Each person’s answer is wholly unique to themselves. Each person’s path for each affirmation is just as unique. There are multiple nuances in each affirmation. You’ll either answer them, yes, or you won’t. Try not to worry too terribly if you find yourself more on the side of the working dead. With a shift in your belonging, you’ll come back on your own. Shifting is easier when you belong, to yourself and with others. Believe it or not, I’ll say it again, it’s innately in your ability to do so when you belong. We’re beautifully capable of making a wonderfully alive work and family life.
Here’s an infographic to assist you as an individual in reflecting on these affirmations, HBL 6 Aspects of a Belonging at a Crossroad, pdf version.

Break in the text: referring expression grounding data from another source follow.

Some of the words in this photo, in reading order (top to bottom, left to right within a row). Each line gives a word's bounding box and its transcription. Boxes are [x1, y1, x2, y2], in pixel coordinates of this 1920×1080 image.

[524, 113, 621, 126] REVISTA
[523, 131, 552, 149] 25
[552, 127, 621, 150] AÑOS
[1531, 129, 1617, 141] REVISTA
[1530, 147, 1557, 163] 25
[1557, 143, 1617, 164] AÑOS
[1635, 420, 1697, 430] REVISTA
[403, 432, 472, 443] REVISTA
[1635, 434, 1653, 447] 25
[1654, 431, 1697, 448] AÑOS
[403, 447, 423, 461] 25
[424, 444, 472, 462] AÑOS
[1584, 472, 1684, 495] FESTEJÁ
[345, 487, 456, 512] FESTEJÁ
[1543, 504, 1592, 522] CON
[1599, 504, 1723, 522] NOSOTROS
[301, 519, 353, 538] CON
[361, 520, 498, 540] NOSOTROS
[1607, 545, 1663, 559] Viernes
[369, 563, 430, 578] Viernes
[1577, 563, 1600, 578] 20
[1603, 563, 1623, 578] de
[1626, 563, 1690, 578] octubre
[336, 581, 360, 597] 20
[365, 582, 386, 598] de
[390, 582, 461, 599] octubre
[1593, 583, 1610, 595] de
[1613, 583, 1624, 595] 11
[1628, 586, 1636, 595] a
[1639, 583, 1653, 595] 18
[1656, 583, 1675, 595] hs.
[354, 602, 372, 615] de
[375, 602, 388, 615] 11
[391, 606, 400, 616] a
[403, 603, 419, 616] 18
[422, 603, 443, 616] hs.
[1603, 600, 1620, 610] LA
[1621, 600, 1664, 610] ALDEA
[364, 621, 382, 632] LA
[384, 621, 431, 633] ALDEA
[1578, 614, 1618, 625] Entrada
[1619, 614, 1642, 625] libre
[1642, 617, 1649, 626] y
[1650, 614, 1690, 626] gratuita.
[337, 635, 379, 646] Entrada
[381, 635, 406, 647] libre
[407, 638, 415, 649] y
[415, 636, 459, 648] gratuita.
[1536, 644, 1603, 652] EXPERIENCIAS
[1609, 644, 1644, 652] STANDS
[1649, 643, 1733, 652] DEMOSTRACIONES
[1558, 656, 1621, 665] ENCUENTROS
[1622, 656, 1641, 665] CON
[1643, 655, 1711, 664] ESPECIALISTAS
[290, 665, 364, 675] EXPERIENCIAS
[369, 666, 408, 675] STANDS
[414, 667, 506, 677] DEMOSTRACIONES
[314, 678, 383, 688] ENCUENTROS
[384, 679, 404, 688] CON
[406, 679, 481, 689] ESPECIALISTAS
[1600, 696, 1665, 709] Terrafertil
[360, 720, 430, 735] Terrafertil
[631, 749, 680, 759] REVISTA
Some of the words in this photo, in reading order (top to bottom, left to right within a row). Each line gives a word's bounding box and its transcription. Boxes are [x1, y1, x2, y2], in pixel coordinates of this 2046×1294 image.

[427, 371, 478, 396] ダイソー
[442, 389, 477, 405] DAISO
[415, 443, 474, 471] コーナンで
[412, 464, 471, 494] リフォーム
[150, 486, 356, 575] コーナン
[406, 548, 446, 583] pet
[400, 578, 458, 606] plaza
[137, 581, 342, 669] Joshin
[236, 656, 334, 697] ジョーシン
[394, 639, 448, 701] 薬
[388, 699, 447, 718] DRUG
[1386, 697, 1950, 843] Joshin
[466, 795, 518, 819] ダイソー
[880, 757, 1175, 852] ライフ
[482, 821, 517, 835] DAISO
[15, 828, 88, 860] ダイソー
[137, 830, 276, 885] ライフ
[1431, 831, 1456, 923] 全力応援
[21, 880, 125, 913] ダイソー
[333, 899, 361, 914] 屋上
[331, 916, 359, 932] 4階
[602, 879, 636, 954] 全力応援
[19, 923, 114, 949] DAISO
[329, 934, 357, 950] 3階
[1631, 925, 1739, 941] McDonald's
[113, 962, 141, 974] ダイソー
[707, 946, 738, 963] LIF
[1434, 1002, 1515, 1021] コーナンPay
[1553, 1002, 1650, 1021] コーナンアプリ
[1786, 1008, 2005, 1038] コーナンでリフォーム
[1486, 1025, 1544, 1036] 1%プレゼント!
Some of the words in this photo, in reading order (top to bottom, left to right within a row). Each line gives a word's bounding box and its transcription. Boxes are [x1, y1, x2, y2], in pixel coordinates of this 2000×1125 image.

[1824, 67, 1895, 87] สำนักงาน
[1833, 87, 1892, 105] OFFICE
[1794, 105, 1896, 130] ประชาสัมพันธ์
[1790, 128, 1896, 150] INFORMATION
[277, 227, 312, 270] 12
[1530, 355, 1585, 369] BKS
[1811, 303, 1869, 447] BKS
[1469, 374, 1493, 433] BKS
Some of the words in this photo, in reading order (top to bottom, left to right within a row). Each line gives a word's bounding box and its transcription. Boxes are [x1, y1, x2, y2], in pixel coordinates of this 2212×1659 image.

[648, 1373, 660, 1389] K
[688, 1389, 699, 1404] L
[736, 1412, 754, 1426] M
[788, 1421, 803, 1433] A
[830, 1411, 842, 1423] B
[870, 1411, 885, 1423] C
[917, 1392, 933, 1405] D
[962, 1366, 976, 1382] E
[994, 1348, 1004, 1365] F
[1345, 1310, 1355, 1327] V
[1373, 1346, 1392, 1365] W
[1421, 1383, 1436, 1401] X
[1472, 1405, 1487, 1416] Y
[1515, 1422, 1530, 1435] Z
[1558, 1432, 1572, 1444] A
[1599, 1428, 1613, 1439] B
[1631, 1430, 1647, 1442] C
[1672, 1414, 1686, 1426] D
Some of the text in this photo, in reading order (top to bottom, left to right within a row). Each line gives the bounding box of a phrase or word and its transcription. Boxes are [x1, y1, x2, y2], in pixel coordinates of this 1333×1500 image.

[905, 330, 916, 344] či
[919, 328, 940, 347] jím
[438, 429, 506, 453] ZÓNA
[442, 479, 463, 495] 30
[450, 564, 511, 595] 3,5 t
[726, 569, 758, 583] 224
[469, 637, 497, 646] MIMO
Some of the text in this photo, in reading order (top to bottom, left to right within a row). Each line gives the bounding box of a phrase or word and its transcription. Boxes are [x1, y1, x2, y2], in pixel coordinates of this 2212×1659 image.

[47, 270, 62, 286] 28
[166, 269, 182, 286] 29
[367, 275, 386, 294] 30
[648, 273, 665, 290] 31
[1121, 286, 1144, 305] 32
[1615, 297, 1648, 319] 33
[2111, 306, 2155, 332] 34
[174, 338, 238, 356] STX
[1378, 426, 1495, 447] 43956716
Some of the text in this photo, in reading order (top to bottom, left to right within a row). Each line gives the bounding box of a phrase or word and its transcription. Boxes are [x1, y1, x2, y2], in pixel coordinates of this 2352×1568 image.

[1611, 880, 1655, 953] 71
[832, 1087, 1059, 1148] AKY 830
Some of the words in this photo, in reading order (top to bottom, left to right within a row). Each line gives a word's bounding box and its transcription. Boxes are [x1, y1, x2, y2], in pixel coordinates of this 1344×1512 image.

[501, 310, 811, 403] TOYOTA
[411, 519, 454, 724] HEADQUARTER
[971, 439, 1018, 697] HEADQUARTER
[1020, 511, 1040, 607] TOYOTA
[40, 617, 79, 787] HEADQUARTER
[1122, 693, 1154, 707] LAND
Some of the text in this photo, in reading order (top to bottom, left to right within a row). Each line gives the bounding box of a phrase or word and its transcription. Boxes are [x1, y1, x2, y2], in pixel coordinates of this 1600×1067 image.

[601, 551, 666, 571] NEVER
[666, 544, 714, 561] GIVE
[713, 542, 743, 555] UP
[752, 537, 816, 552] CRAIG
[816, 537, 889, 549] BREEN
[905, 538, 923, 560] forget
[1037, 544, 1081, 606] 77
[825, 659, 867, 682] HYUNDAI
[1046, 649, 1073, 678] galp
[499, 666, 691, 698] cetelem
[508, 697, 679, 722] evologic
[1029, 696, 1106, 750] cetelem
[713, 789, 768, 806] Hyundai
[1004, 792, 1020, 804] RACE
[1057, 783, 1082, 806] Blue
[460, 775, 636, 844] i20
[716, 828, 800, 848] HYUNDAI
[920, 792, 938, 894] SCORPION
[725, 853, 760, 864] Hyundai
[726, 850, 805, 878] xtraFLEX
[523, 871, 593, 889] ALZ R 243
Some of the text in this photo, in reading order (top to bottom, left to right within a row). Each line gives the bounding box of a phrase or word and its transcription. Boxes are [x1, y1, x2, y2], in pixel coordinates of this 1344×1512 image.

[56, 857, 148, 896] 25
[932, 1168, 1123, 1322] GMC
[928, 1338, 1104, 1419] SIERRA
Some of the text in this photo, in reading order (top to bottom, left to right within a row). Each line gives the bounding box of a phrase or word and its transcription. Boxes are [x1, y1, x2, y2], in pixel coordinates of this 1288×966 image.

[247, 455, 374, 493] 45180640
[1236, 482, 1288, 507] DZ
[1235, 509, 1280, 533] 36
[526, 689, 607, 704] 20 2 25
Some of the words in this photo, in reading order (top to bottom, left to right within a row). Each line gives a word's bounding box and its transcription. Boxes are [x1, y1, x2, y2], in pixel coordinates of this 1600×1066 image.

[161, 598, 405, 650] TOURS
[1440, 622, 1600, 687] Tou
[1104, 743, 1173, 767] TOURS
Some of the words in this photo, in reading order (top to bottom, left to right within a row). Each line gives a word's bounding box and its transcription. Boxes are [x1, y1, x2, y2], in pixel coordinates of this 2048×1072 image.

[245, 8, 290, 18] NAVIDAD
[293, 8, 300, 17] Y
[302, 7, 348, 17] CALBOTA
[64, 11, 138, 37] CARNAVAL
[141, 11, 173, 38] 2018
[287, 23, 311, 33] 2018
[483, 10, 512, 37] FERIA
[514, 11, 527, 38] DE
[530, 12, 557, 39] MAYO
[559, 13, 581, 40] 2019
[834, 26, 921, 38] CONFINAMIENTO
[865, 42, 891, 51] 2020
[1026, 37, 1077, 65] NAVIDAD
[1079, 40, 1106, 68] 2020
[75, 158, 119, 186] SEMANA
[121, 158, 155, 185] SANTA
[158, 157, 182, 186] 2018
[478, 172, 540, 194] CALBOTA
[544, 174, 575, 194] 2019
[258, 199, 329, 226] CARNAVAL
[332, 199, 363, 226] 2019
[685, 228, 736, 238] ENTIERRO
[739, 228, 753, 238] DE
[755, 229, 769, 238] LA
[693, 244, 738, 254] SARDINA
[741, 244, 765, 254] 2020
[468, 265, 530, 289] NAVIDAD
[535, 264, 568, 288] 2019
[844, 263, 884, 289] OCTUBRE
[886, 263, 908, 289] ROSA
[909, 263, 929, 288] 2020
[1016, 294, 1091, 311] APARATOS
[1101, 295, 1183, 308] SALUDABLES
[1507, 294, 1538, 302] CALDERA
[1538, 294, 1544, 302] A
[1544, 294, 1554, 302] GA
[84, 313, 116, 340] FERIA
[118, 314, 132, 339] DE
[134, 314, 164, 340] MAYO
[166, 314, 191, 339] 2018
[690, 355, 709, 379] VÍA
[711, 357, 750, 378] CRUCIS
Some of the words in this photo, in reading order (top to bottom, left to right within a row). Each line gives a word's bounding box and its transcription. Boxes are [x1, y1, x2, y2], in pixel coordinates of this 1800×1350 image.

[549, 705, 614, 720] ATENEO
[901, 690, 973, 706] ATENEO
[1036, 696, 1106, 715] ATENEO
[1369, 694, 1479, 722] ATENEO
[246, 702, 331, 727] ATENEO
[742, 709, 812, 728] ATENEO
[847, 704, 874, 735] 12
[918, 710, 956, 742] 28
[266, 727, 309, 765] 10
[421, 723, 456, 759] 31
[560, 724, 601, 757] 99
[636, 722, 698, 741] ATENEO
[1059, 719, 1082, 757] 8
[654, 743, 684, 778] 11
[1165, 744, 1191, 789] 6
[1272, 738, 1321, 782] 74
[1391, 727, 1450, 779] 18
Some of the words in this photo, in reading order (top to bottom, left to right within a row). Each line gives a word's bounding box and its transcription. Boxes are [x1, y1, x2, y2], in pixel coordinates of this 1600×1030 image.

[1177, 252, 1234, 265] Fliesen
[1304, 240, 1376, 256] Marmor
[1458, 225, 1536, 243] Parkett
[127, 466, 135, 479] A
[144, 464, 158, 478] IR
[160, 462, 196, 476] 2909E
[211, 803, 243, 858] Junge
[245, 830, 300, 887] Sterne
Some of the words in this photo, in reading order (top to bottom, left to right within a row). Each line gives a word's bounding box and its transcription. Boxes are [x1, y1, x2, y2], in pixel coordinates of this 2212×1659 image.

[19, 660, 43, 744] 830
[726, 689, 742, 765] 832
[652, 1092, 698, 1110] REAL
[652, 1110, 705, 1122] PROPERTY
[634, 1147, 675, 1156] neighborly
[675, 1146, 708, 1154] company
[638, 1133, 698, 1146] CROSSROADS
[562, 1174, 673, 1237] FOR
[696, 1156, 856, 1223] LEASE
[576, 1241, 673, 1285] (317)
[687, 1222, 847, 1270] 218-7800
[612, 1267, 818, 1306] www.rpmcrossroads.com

If you’re a founder/owner of a company, or CEO, or Head of People & Culture, definitely read this for yourself first. And then, look at it from the perspective of, would each of my employees be #yestimes6? And then, ask yourself this… “can I create a place where people can affirm these 6 areas of belonging for themselves in my company?” The answers are actually quite simple, though not necessarily easy at times to get to yes. You integrate ways into your organizational operating system to make the affirmations true. If you’re curious about this, I’m happy to share my experience, perspective, and the research I’ve come across. Being able to answer yes to these six affirmations is a massive win for your people and your customers. Here’s a link to the info graphic of the six areas: HBL 6 Aspects of a Belonging Culture, pdf version.
Belong
1. Can you say, "I belong with my company."? Yes, or No?
(Before you answer, check out the, What this means: … below each affirmation)
(And say the affirmation to yourself out loud, and notice how you feel in saying it. Does it feel true, half true, or outright I’m lying to myself false?)
What this means:
You feel, own, and care for your leaders and team members' successes, dreams, and failures. And your leaders and team members do the same for you. (Oh, all these questions work also in relation to spouses, partners, siblings, friends… etc. Example: I belong with my …)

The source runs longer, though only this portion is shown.